[Start of section]

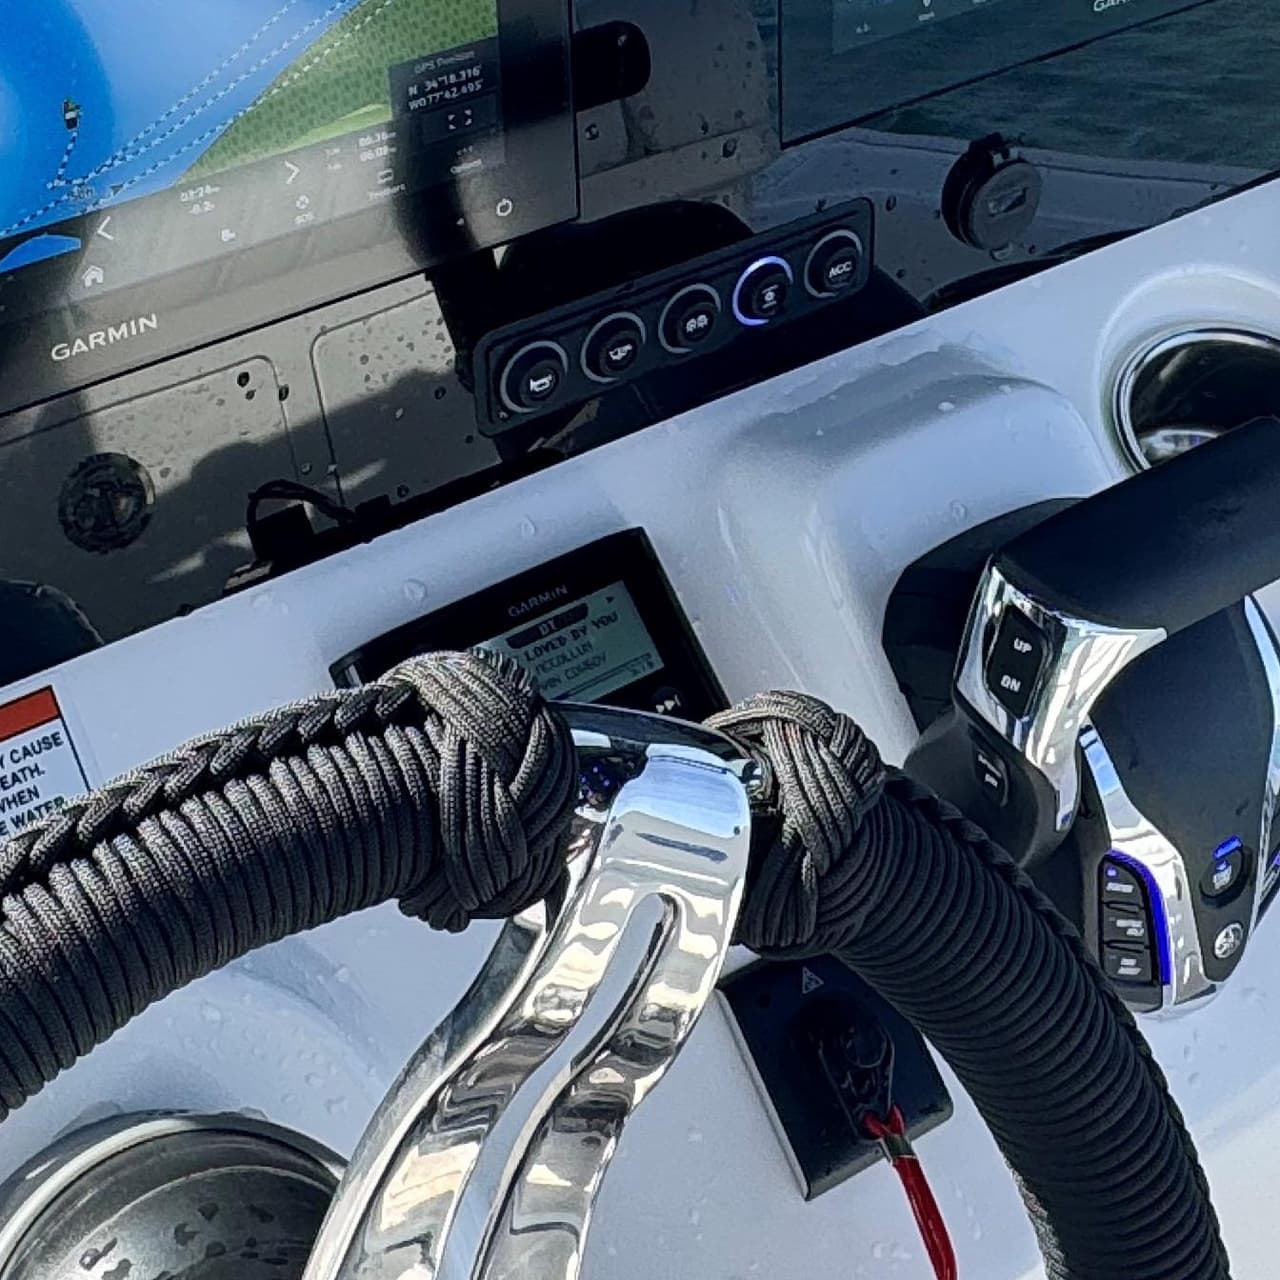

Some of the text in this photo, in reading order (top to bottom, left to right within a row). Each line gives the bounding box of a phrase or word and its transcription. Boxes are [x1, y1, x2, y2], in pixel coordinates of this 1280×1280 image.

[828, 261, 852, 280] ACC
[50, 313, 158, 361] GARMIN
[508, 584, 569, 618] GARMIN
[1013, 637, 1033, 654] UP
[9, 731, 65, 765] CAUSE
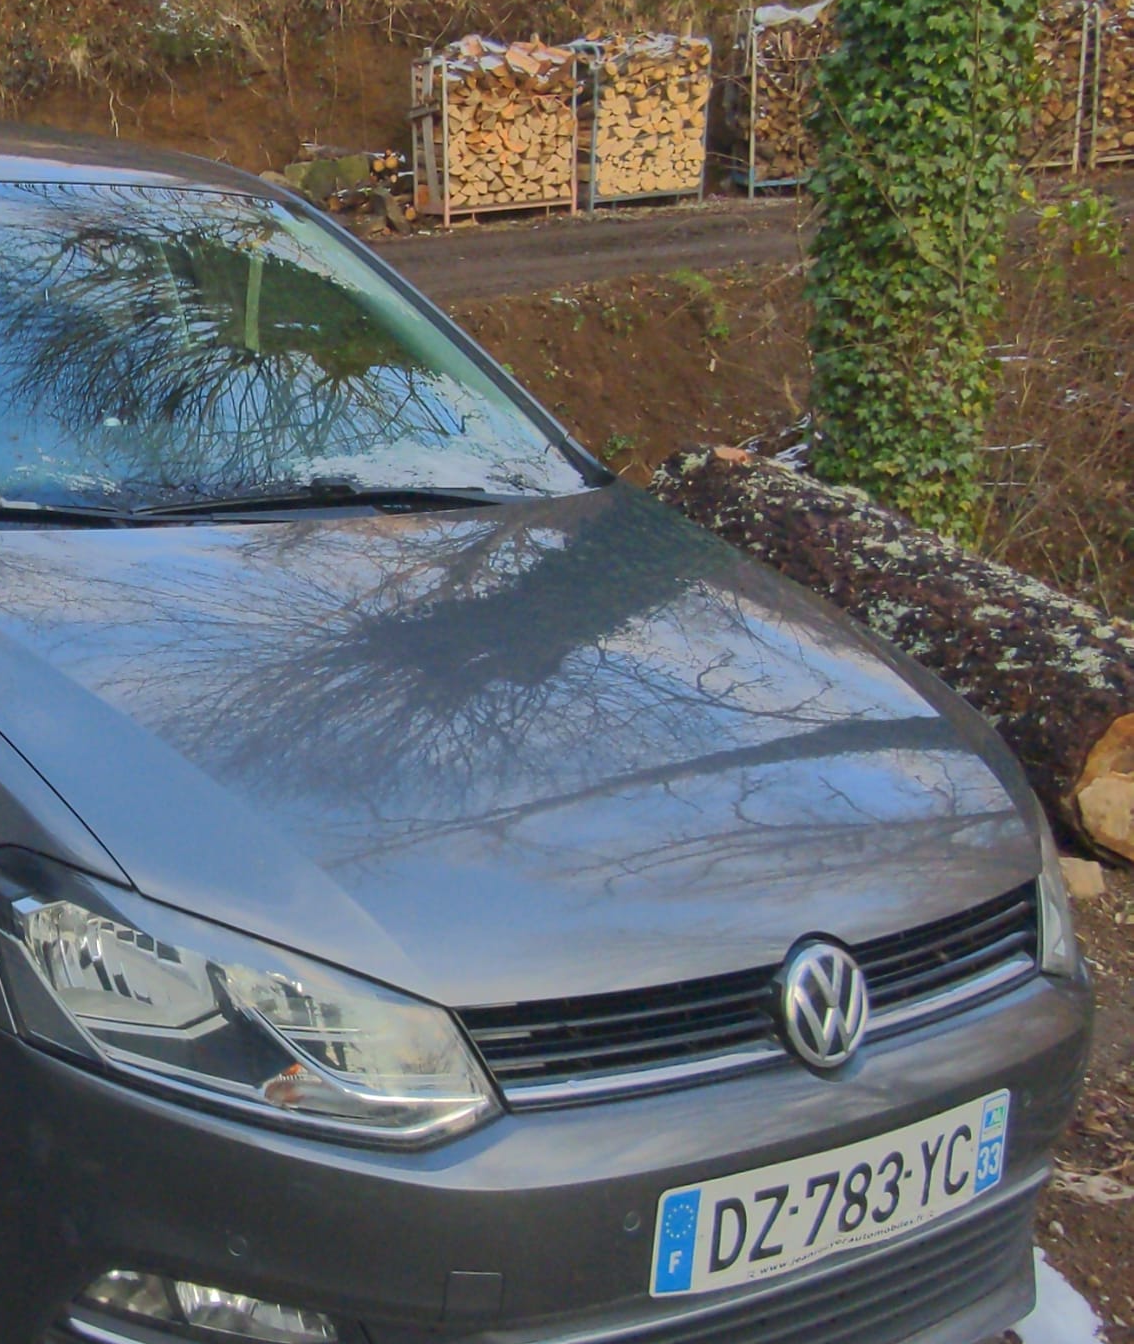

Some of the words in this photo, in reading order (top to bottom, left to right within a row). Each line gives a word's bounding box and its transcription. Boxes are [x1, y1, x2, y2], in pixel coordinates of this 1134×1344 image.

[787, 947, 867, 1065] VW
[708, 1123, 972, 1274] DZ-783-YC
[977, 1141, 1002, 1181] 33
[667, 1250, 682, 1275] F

[End of section]

**What this task involves:** Give back, word for word, the lines of the records that run from the one holding "Some of the words" to the very last.

**Exercise response:**
Some of the words in this photo, in reading order (top to bottom, left to right within a row). Each line gives a word's bounding box and its transcription. Boxes are [x1, y1, x2, y2], in pixel coordinates of this 1134×1344 image.

[787, 947, 867, 1065] VW
[708, 1123, 972, 1274] DZ-783-YC
[977, 1141, 1002, 1181] 33
[667, 1250, 682, 1275] F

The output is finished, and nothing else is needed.